Politikere lover milliarder til de fattige, men hvor er pengene…

Forfatter billede

Seneste eksempel er den største tilsagnskonference i FNs historie, der førte til højtidelige løfter om halvanden milliard dollars i humanitær bistand til Syrien, men to måneder efter er langt de fleste penge ikke kommet fra de donorer, der afgav løfterne.

DUBAI, 29 March 2013 (IRIN): Humanitarian and development actors should develop a method to hold politicians to account for aid pledges (løfter), UK Minister of State for International Development (udviklingsminister) Alan Duncan said.

“A promise is only a promise until it is in the bank,” he told IRIN, addng:

“It is exciting to get headline pledges, but it is important to make sure that money translates on the ground (også findes i virkeligheden).”

Duncan shared his idea at the Dubai International Humanitarian Aid & Development (DIHAD) conference this week, telling participants:

“One thing that would help the whole system would be the establishment of a universally accepted process under which any pledge to spend money was registered, measured, monitored and implemented”.

“Because if a politician wins the floors by making a promise, then he must be made to follow it through with the concrete action that was promised.”

The aid community has an increasing number of systems to track how money is spent, but it has few systems to track pledges.

Get it in writing

One model, Alan Duncan said, is the World Bank pledging process used in Yemen last year.

Here states, collectively promising 8 billion US dollar in two pledging conferences, signed on paper how much they had pledged and what the money would go towards, “so that they can be held to account.”

The brain child of the idea was Wael Zakout, who manages the World Bank’s work in Yemen.

With government support, he has created a system whereby donors will meet with government officials every three months – with media present – to report on four sets of figures:

* the original pledge;
* the amount that has been programmed (the number of projects to be financed and their amount);
* the amount in approved programmes, where a project agreement has been signed between the donor and the government; and
* the amount of money already disbursed (udbetalt).
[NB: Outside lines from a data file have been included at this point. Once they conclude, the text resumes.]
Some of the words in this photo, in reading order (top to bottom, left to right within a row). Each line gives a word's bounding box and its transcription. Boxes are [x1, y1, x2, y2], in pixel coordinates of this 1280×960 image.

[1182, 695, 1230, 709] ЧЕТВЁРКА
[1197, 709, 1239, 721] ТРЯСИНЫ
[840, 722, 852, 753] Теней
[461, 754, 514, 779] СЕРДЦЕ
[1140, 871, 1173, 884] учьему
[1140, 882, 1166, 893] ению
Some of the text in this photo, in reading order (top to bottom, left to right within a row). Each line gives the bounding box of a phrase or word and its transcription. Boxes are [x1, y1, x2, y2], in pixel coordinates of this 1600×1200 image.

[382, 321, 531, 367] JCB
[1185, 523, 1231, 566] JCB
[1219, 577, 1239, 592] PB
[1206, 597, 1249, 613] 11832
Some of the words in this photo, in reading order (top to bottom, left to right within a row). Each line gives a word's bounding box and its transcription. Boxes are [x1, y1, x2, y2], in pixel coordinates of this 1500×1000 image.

(The Yemeni government is also developing a more detailed database to track projects.)

The first such meeting was held in February and ended with a listing of those donors who had not delivered on their promises, which was then presented to the Friends of Yemen meeting of foreign ministers.

“We are using name-and-shame. That has been very effective”, Zakout told IRIN.

“In the past, the countries pledge and do not deliver and, somehow, nothing happens,” he said.

Only a fraction of the money arrives

In 2006, for example, donors pledged 4 billion dollar to Yemen, much of which never materialized.

“With the new approach the pledges will not be forgotten”, Wael Zakout noted, adding:

“I do hope this will become an example for the international community in other contexts.”

Donor transparency groups say that aid pledges are almost never fully realized.

Only a fraction of the 9 billion dollar pledged to the Haiti earthquake recovery reportedly ever made it.

In late January, the international community pledged more than 1,5 billion dollar in humanitarian aid to Syria, yet UN response plans requiring the same dollar figure remain only 30 percent funded.

Other promises in recent years, described by the anti-poverty group ONE as “welcome but vague”, include:

* a 50 billion dollar increase in global official development assistance (ODA) promised at the Gleneagles G8 Summit in 2005;
* 60 billion dollar for health ODA (statslig udviklingsbistand) promised at the Heiligendamm G8 Summit in 2007;
* 20 billion dollar for agriculture and food security committed at the 2009 L’Aquila G8 Summit; and
* 100 billion dollar for climate finance promised at the Copenhagen climate summit in December 2009.